Some points need careful consideration when performing the DiBA technique. The soft tip of the 5MAX ACE could make insertion into an introducer sheath difficult. In such a case, using an attached inserter would facilitate smooth insertion of the 5MAX ACE into the introducer sheath.
When the 5MAX ACE becomes clogged with thrombus or when the techniques such as CAPTIVE [20], wherein the 5MAX ACE and stent retriever are removed as a single unit, are performed, the 5MAX ACE needs to be removed and again navigated to the BA. In that aspect, the DiBA technique, compared with the conventional guide catheter placement at the VA, would be disadvantageous. However, replacing the 5MAX ACE via the brachial artery appears to be easy.

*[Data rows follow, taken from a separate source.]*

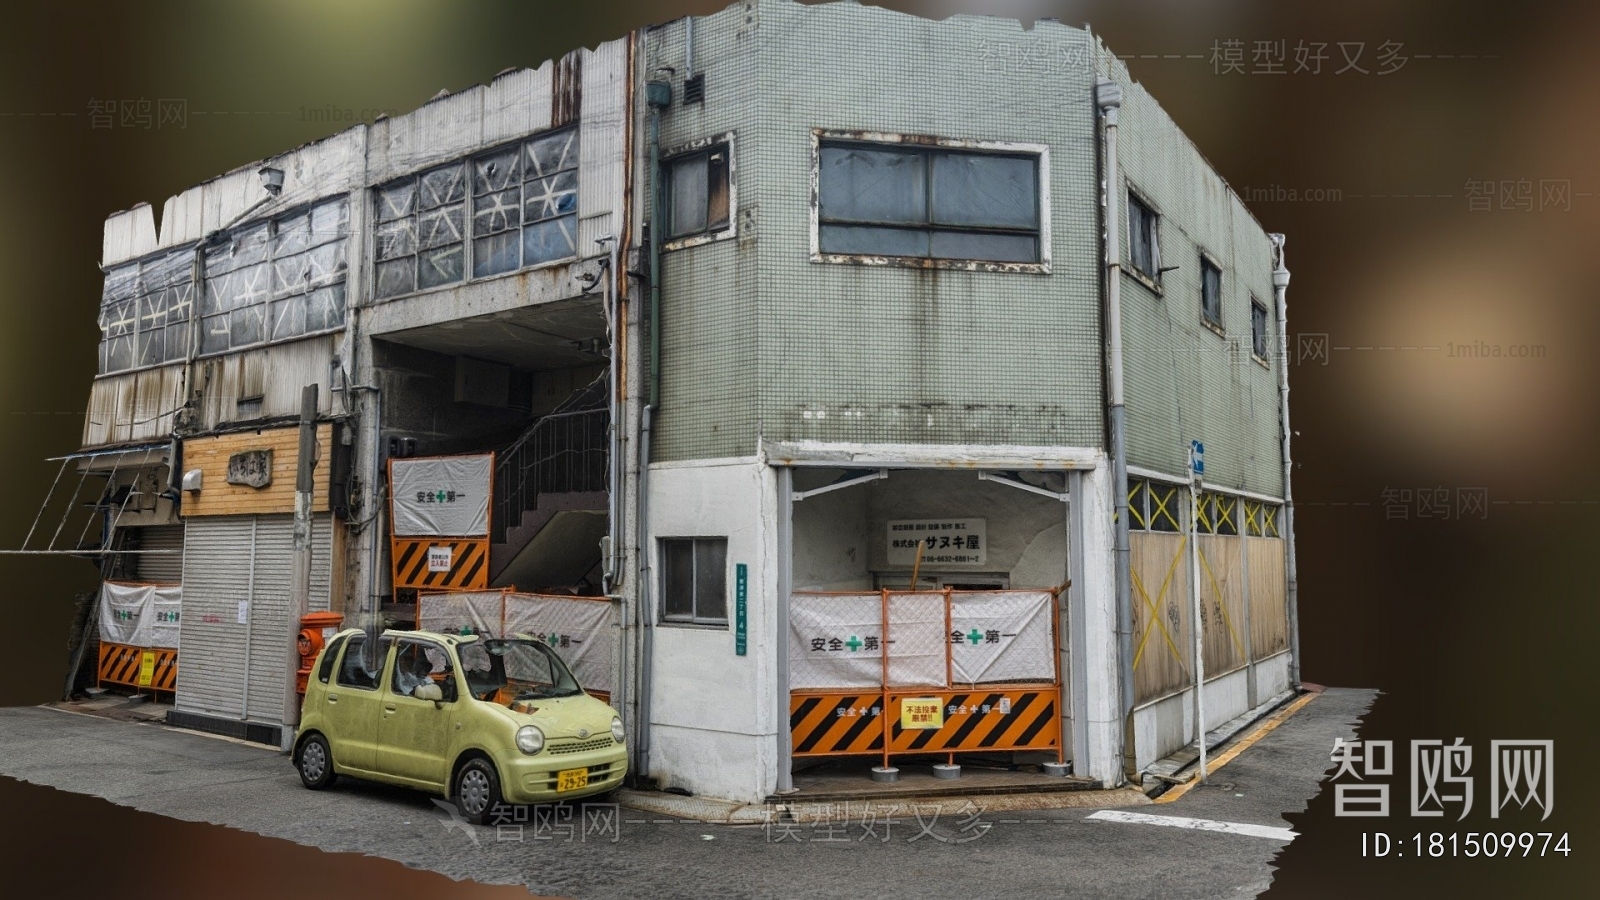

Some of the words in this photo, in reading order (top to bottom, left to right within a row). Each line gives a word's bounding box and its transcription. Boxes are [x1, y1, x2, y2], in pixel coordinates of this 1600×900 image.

[416, 491, 435, 503] 安全
[446, 490, 466, 503] 第一
[925, 534, 980, 550] サヌキ屋
[560, 634, 582, 648] 第一
[985, 629, 1017, 644] 第一
[811, 637, 844, 652] 安全
[836, 707, 857, 717] 安全
[906, 705, 938, 714] 不法投棄
[948, 705, 968, 714] 安全
[564, 775, 587, 790] 29-25
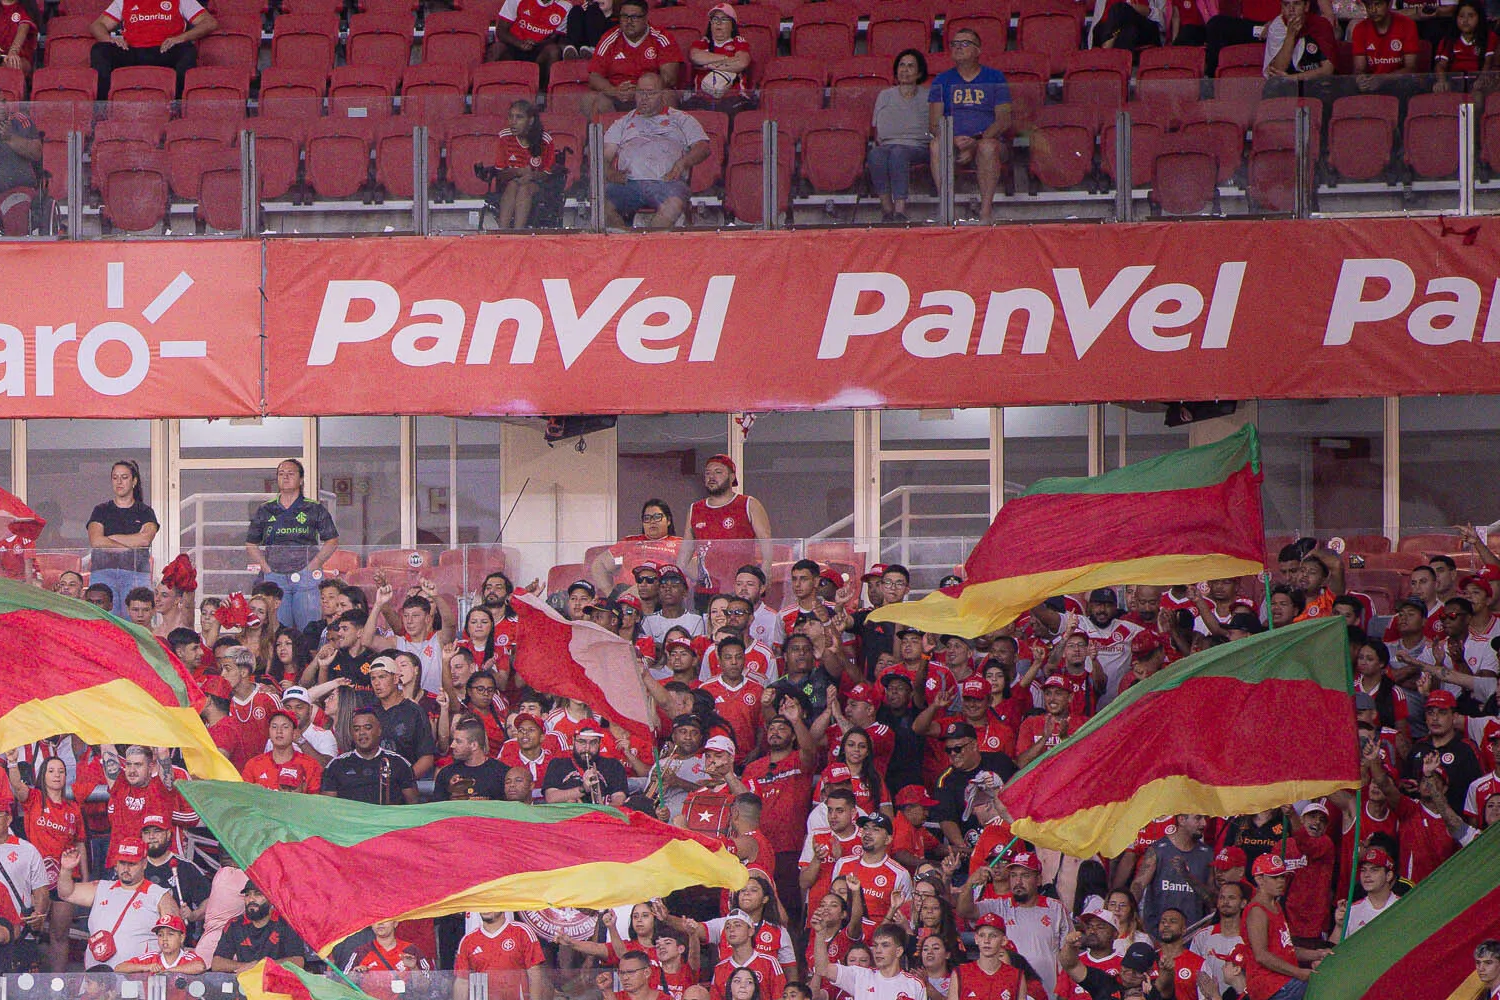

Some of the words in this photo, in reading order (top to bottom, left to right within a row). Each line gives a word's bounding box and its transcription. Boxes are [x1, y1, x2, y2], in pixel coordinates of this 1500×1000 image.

In this study, the mean PTR time was longer and the rate of poor outcome was higher compared with the recommended PTR time [11] and a recent report [12]. One of these reasons could be that MET was performed for elderly patients with a high NIHSS. However, in all patients, the 5MAX ACE could be placed in the VA without difficulty, even via the left transbrachial approach. Additionally, TICI 2B or 3 recanalization was achieved, and there were no technical complications. It was considered that this technique would be useful especially for tortuous arteries in the elderly.
CONCLUSION
We described the DiBA technique, in which the Penumbra 5MAX ACE reperfusion catheter was used via the brachial artery as a guide catheter. In all patients, the 5MAX ACE could be easily navigated into the VA, and TICI 2B or 3 recanalization was achieved with no technical complications. It was considered to be useful, especially for tortuous arteries in the elderly. Further studies on the DiBA technique are needed.
Notes
Funding
None.
Ethics Statement
The Institutional Review Board approval was obtained at the Nagoya City University Graduate School of Medical Sciences in Nagoya, Japan.
Conflicts of Interest
The authors have no conflicts to disclose.